WHAT IS BEING ASKED
Your copy should repeat each record below exactly and contain no images.

DATA TO PROCESS
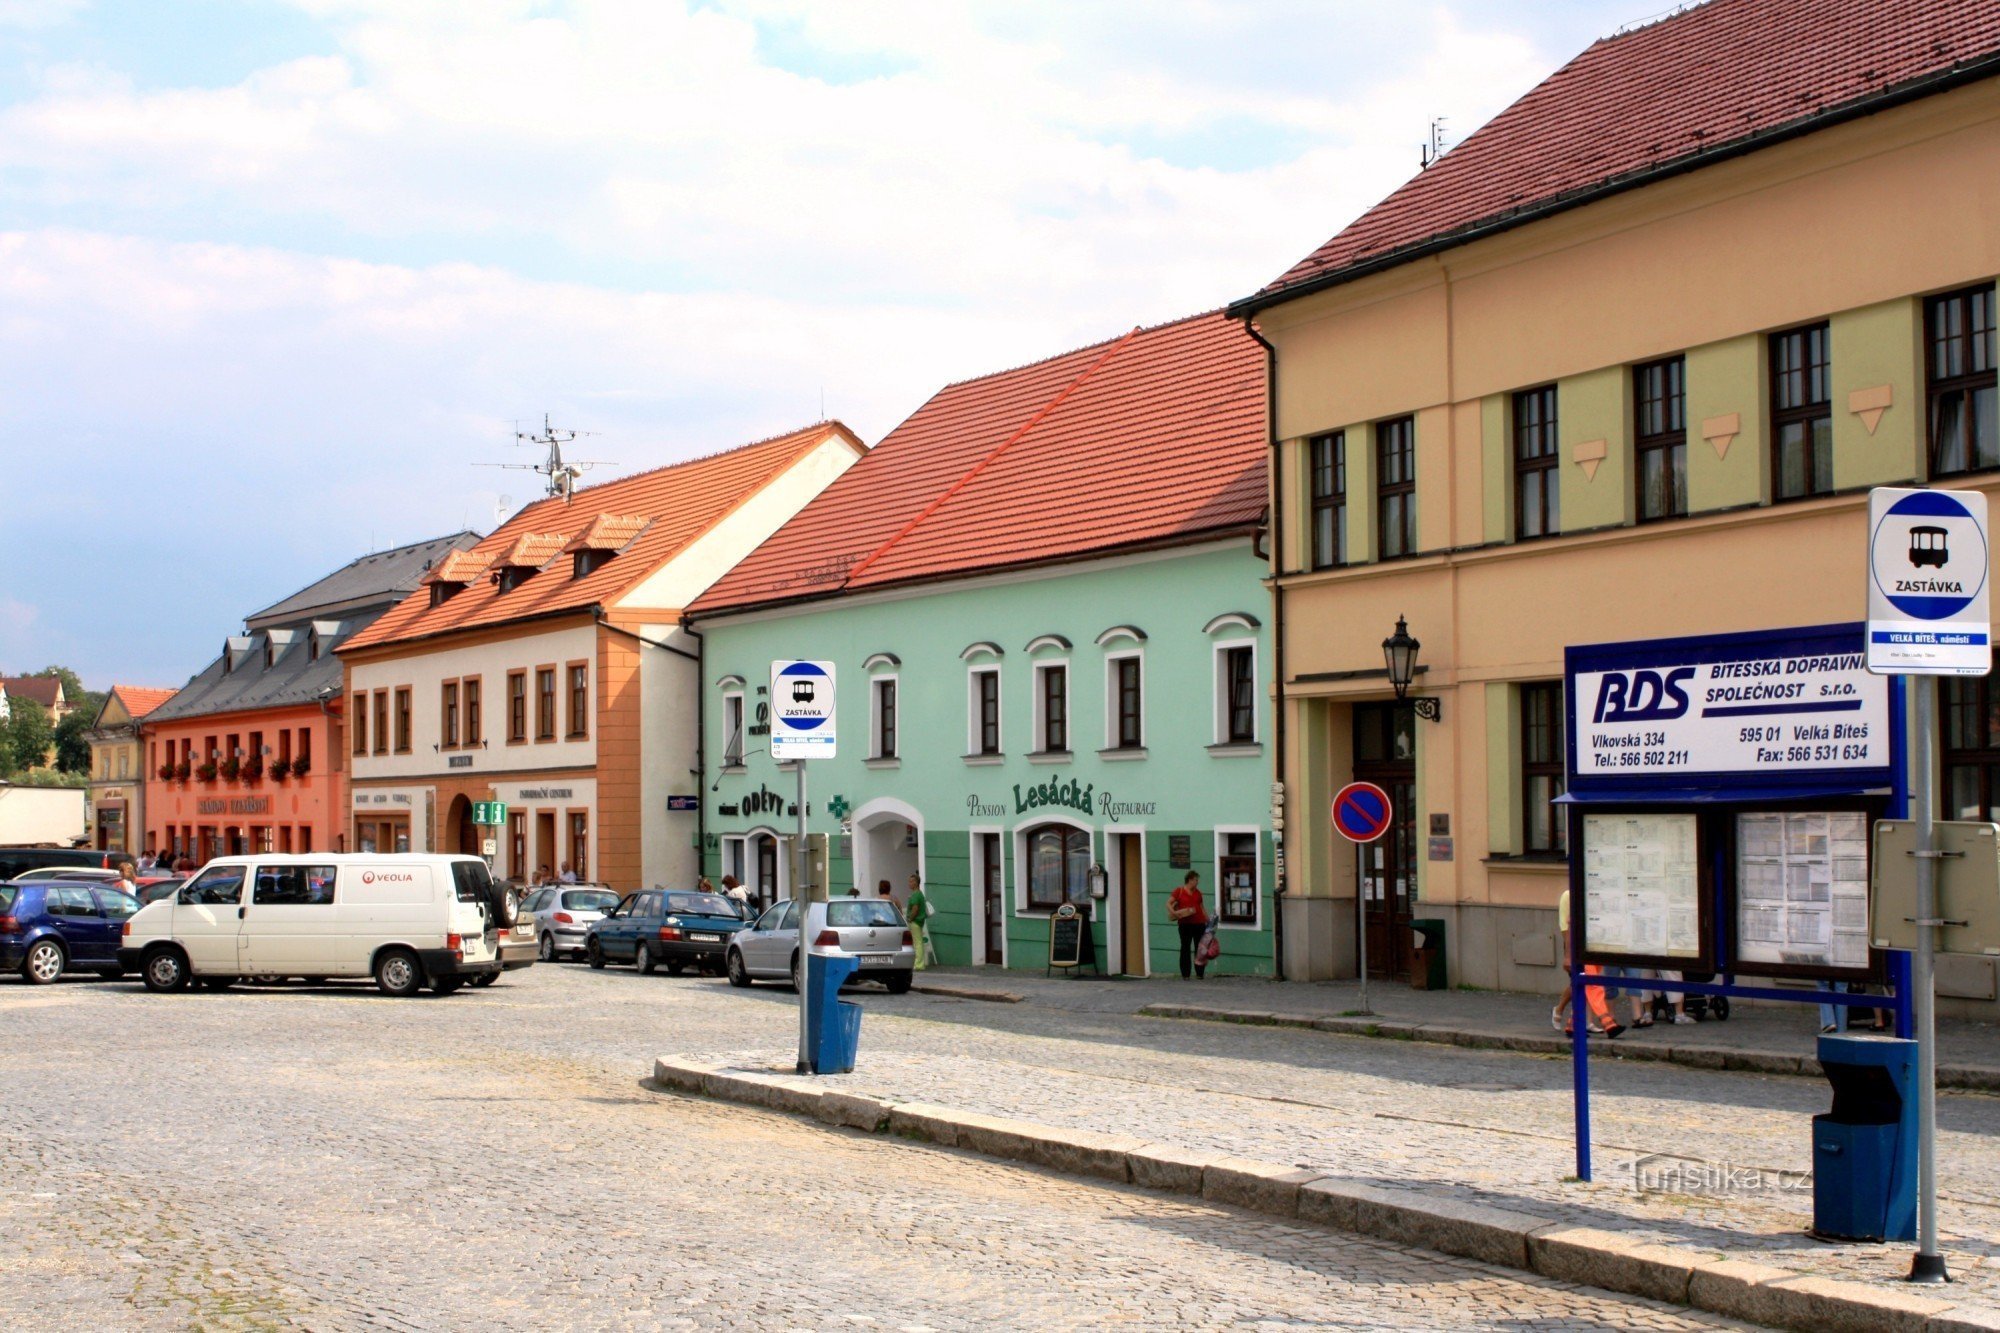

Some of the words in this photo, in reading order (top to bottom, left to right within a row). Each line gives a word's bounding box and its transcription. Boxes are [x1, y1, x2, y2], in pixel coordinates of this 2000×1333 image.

[1895, 577, 1963, 593] ZASTÁVKA
[1889, 633, 1913, 643] VELKÁ
[1915, 632, 1939, 644] BÍTEŠ,
[1940, 634, 1970, 644] náměstí
[1592, 667, 1697, 724] BDS
[1705, 681, 1806, 703] SPOLEČNOST
[1819, 683, 1857, 697] s.r.o.
[785, 708, 822, 716] ZASTÁVKA
[1592, 732, 1641, 748] Vlkovská
[1643, 732, 1665, 747] 334
[1739, 727, 1763, 743] 595
[1765, 726, 1782, 742] 01
[1793, 725, 1830, 741] Velká
[1833, 723, 1869, 740] Bíteš
[1594, 753, 1617, 767] Tel.:
[1619, 752, 1641, 767] 566
[1643, 751, 1665, 766] 502
[1667, 750, 1689, 765] 211
[1756, 748, 1784, 763] Fax:
[1786, 747, 1811, 762] 566
[1814, 745, 1839, 761] 531
[1842, 744, 1868, 760] 634
[741, 783, 784, 817] ODĚVY
[1012, 774, 1094, 816] Lesácká
[376, 874, 413, 882] VEOLIA
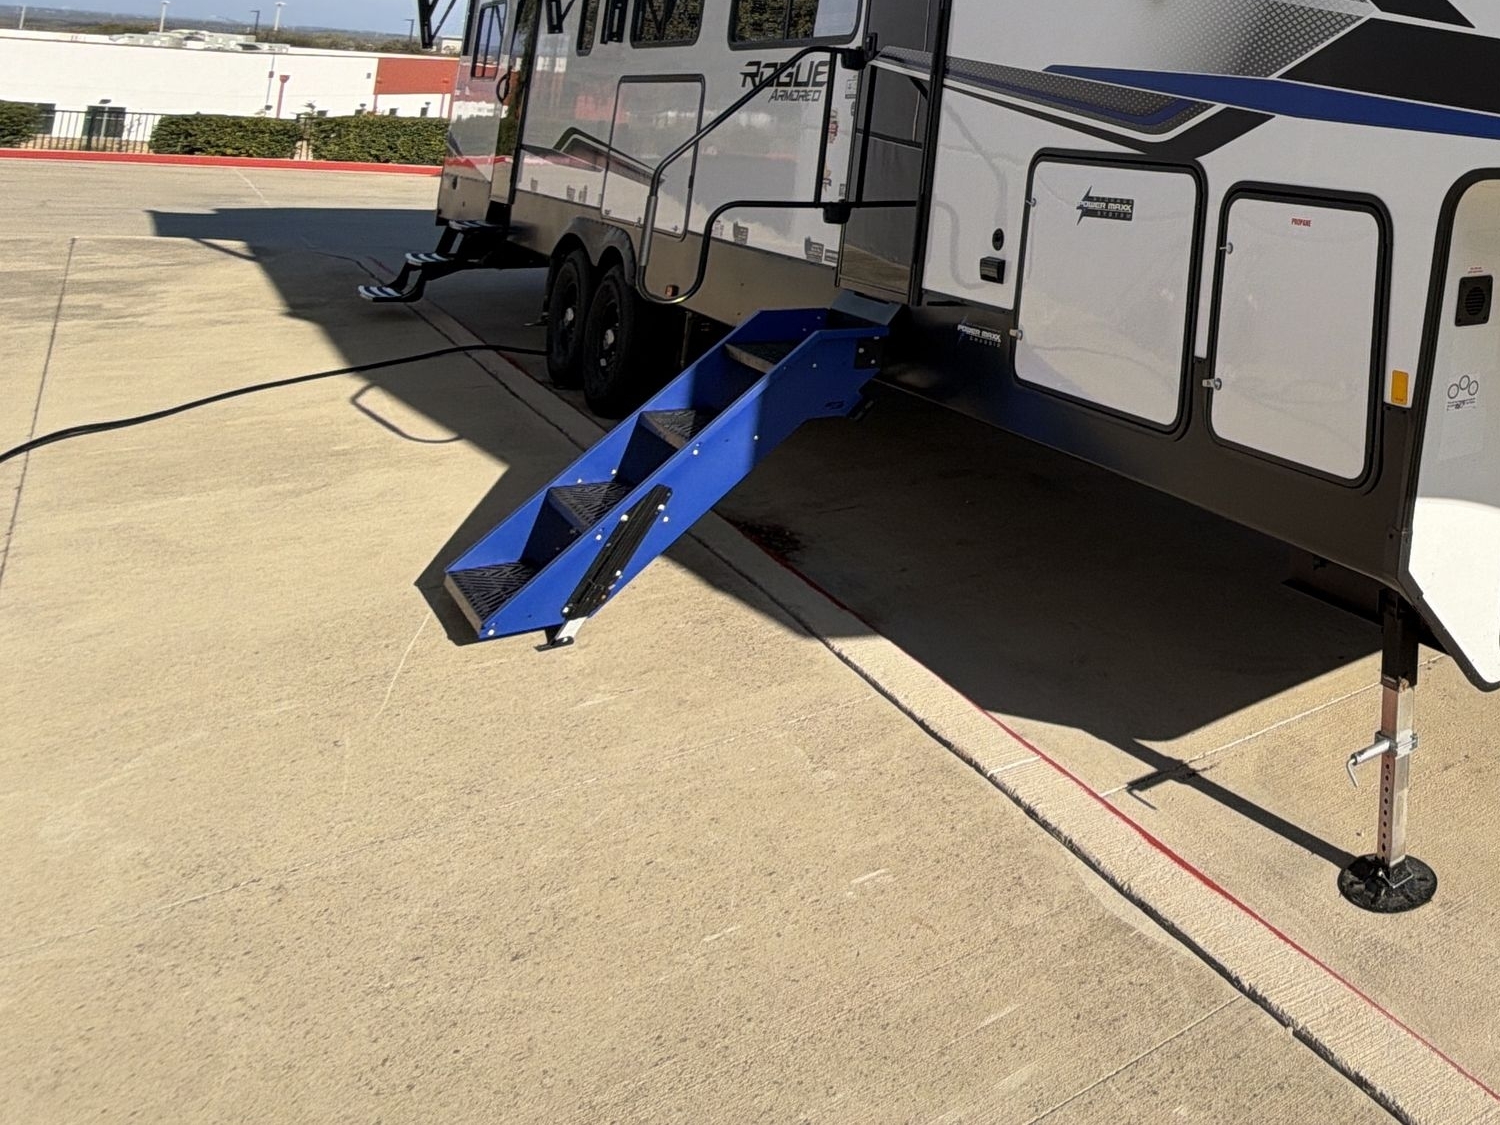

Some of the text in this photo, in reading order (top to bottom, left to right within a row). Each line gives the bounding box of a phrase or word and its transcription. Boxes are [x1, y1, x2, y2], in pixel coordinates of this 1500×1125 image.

[740, 61, 829, 87] ROGUE
[768, 89, 821, 103] ARMORED
[1080, 201, 1132, 213] POWER MAXX
[957, 324, 980, 337] POWER
[981, 330, 1001, 343] MAXX

SOLUTION TO THE EXERCISE
Some of the words in this photo, in reading order (top to bottom, left to right within a row). Each line gives a word's bounding box and its transcription. Boxes are [x1, y1, x2, y2], in pixel coordinates of this 2000×1333 image.

[1895, 577, 1963, 593] ZASTÁVKA
[1889, 633, 1913, 643] VELKÁ
[1915, 632, 1939, 644] BÍTEŠ,
[1940, 634, 1970, 644] náměstí
[1592, 667, 1697, 724] BDS
[1705, 681, 1806, 703] SPOLEČNOST
[1819, 683, 1857, 697] s.r.o.
[785, 708, 822, 716] ZASTÁVKA
[1592, 732, 1641, 748] Vlkovská
[1643, 732, 1665, 747] 334
[1739, 727, 1763, 743] 595
[1765, 726, 1782, 742] 01
[1793, 725, 1830, 741] Velká
[1833, 723, 1869, 740] Bíteš
[1594, 753, 1617, 767] Tel.:
[1619, 752, 1641, 767] 566
[1643, 751, 1665, 766] 502
[1667, 750, 1689, 765] 211
[1756, 748, 1784, 763] Fax:
[1786, 747, 1811, 762] 566
[1814, 745, 1839, 761] 531
[1842, 744, 1868, 760] 634
[741, 783, 784, 817] ODĚVY
[1012, 774, 1094, 816] Lesácká
[376, 874, 413, 882] VEOLIA

Some of the text in this photo, in reading order (top to bottom, left to right within a row). Each line gives the bounding box of a phrase or word and its transcription. Boxes are [x1, y1, x2, y2], in pixel coordinates of this 1500×1125 image.

[740, 61, 829, 87] ROGUE
[768, 89, 821, 103] ARMORED
[1080, 201, 1132, 213] POWER MAXX
[957, 324, 980, 337] POWER
[981, 330, 1001, 343] MAXX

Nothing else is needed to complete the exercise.